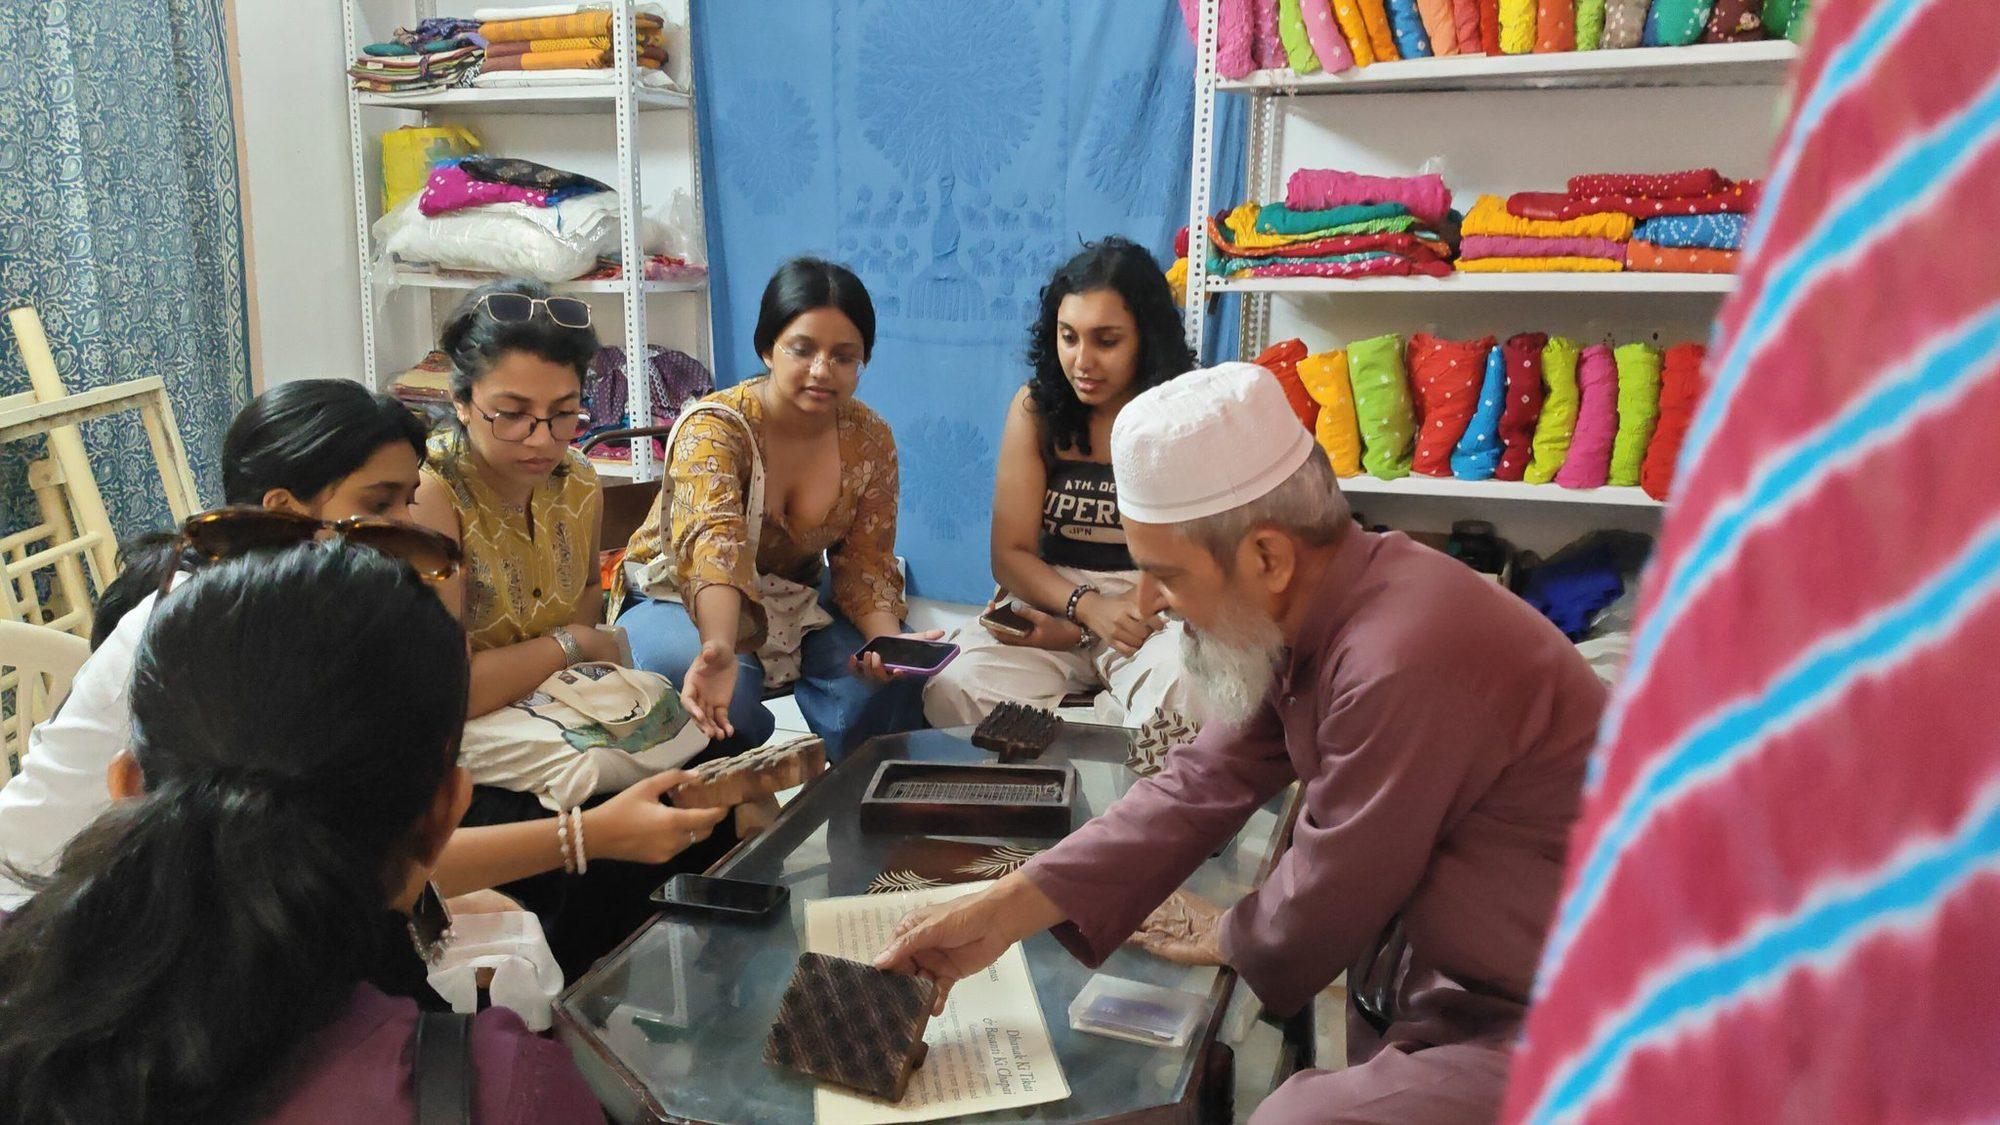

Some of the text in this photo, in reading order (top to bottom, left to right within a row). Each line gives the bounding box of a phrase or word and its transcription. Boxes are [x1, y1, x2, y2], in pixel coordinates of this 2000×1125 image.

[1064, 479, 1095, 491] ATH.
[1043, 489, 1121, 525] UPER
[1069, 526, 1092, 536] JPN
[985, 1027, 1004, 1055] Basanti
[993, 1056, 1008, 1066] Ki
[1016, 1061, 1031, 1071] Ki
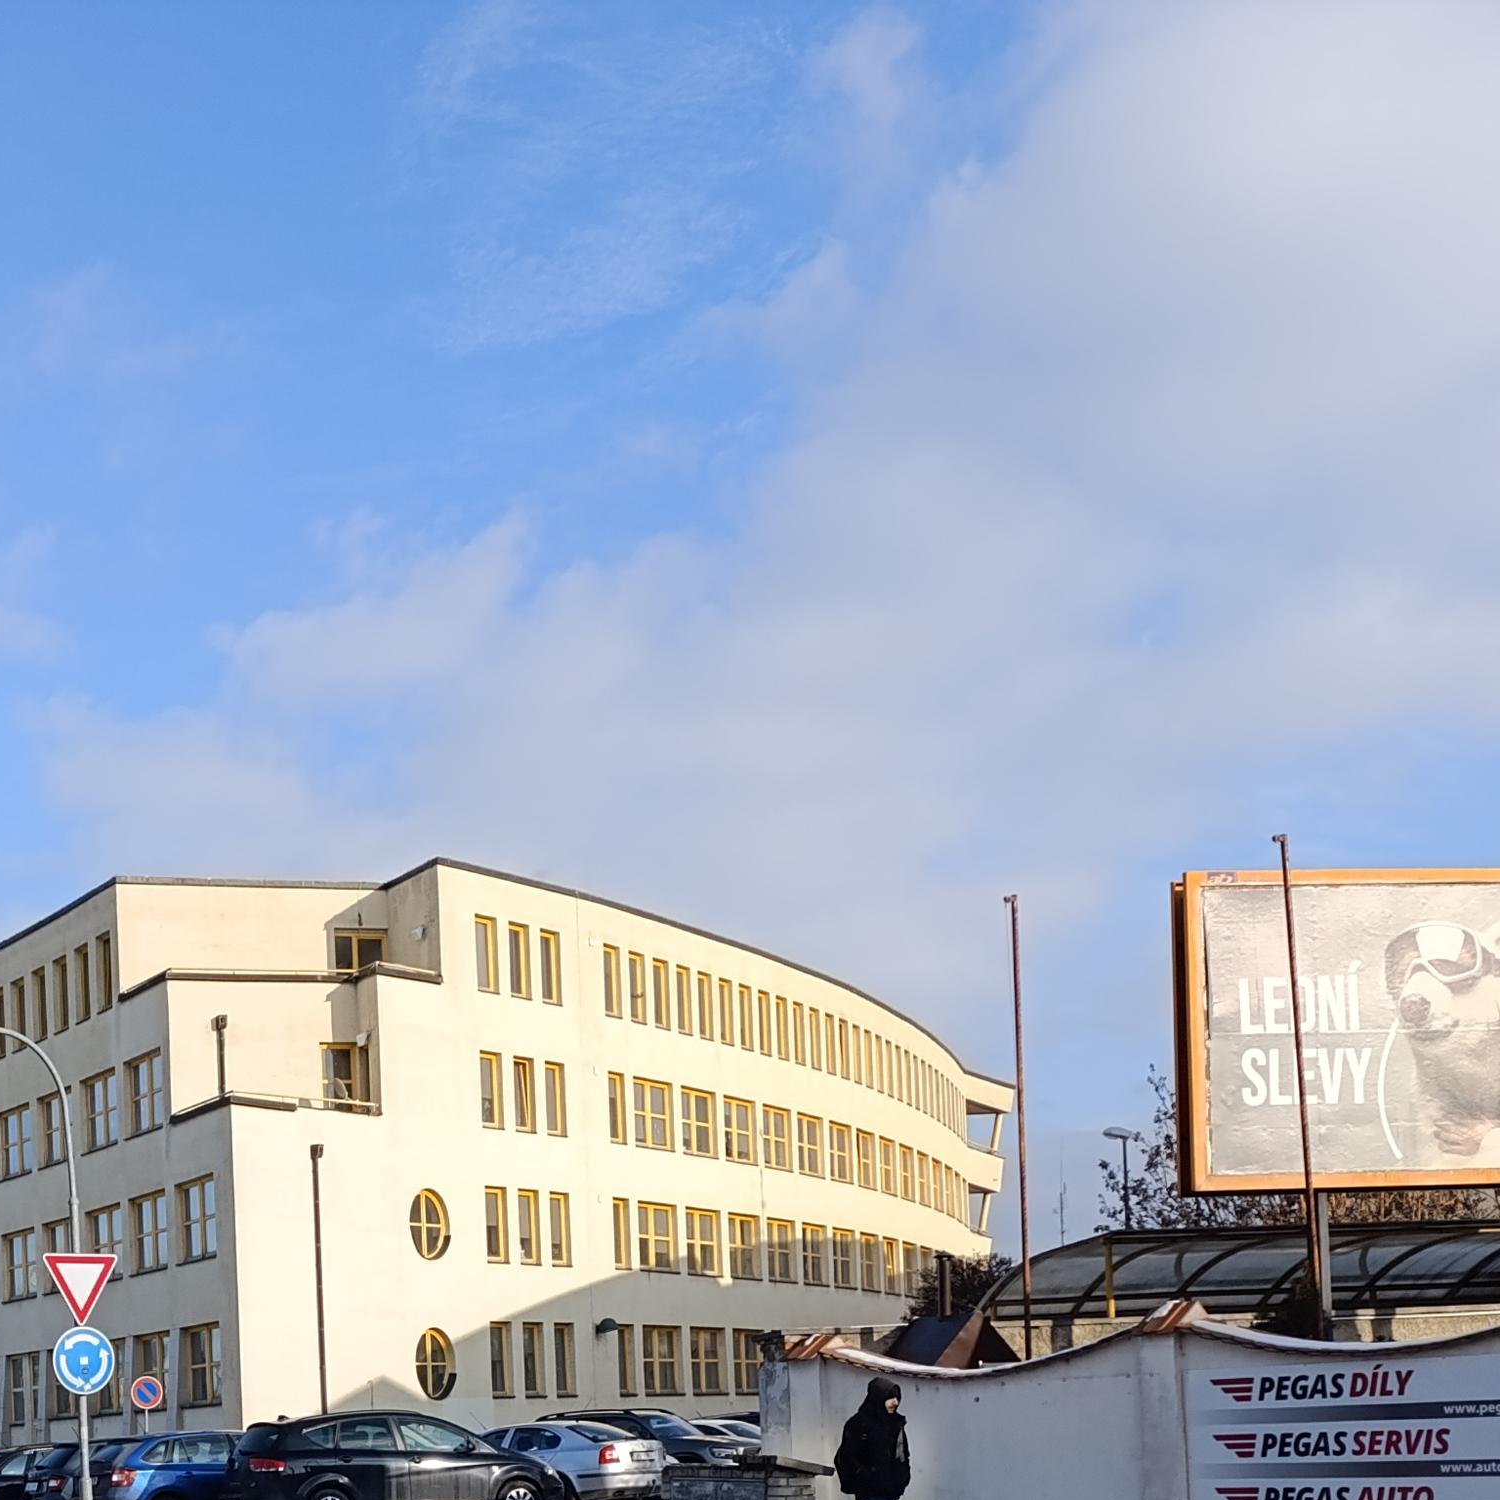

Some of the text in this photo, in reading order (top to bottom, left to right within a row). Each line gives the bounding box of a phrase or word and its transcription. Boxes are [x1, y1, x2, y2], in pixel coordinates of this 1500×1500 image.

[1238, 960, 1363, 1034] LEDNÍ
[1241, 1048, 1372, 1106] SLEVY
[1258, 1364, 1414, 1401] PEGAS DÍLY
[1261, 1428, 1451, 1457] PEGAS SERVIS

● **Task statement**: Please repeat the entries above exactly, leaving out any pictures.

● **Expected output**:
Some of the text in this photo, in reading order (top to bottom, left to right within a row). Each line gives the bounding box of a phrase or word and its transcription. Boxes are [x1, y1, x2, y2], in pixel coordinates of this 2000×1125 image.

[1064, 479, 1095, 491] ATH.
[1043, 489, 1121, 525] UPER
[1069, 526, 1092, 536] JPN
[985, 1027, 1004, 1055] Basanti
[993, 1056, 1008, 1066] Ki
[1016, 1061, 1031, 1071] Ki

Some of the text in this photo, in reading order (top to bottom, left to right within a row). Each line gives the bounding box of a phrase or word and its transcription. Boxes are [x1, y1, x2, y2], in pixel coordinates of this 1500×1500 image.

[1238, 960, 1363, 1034] LEDNÍ
[1241, 1048, 1372, 1106] SLEVY
[1258, 1364, 1414, 1401] PEGAS DÍLY
[1261, 1428, 1451, 1457] PEGAS SERVIS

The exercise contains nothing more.